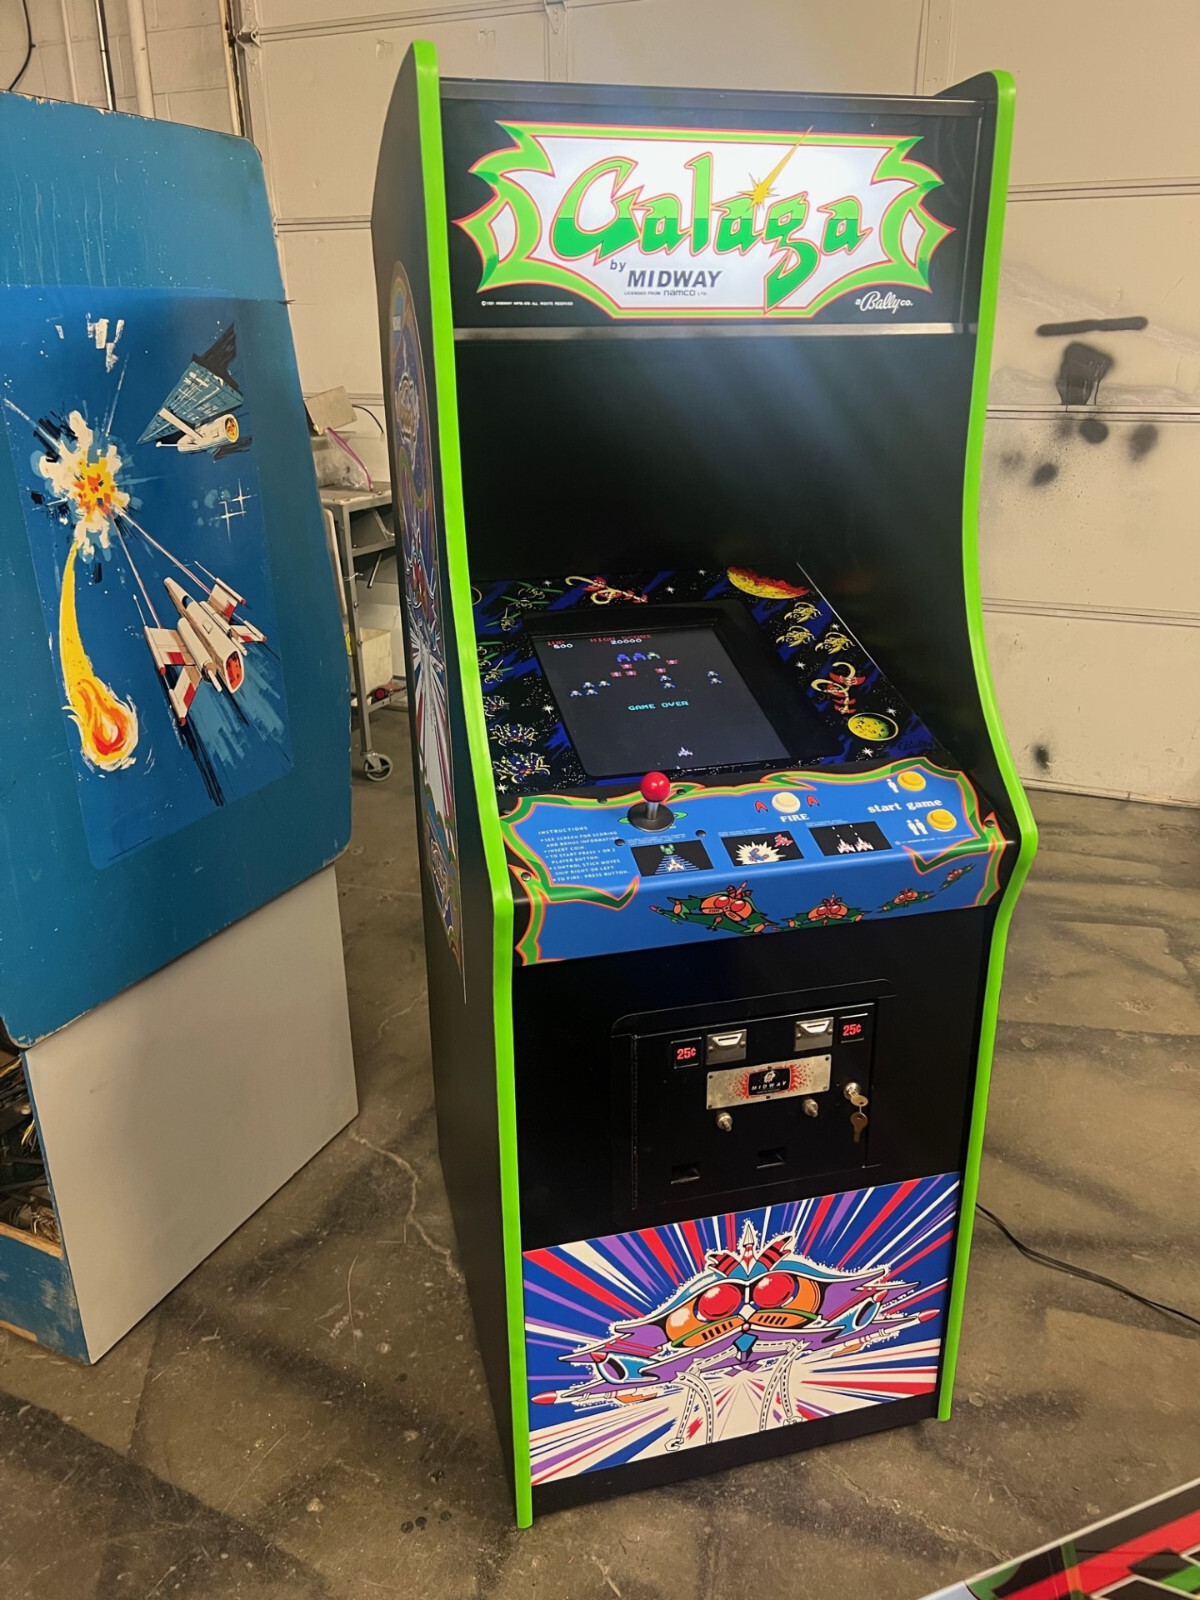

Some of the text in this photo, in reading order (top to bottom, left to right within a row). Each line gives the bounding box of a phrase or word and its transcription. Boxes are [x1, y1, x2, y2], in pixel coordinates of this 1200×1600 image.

[552, 152, 873, 315] Galaga
[609, 259, 627, 272] by
[627, 270, 722, 288] MIDWAY
[860, 290, 901, 314] Bally
[590, 636, 616, 644] HIGH
[628, 700, 689, 711] GAME OVER
[867, 799, 943, 814] start game
[779, 813, 810, 823] FIRE
[538, 826, 588, 835] INSTRUCTIONS
[842, 1023, 862, 1037] 25¢
[676, 1047, 697, 1060] 25¢
[751, 1080, 787, 1091] MIDWAY

§ §

▶ **TASK INSTRUCTIONS**
Copy the records above precisely, and leave every image out of the copy.

▶ **WRITTEN ANSWER**
Some of the text in this photo, in reading order (top to bottom, left to right within a row). Each line gives the bounding box of a phrase or word and its transcription. Boxes are [x1, y1, x2, y2], in pixel coordinates of this 1200×1600 image.

[552, 152, 873, 315] Galaga
[609, 259, 627, 272] by
[627, 270, 722, 288] MIDWAY
[860, 290, 901, 314] Bally
[590, 636, 616, 644] HIGH
[628, 700, 689, 711] GAME OVER
[867, 799, 943, 814] start game
[779, 813, 810, 823] FIRE
[538, 826, 588, 835] INSTRUCTIONS
[842, 1023, 862, 1037] 25¢
[676, 1047, 697, 1060] 25¢
[751, 1080, 787, 1091] MIDWAY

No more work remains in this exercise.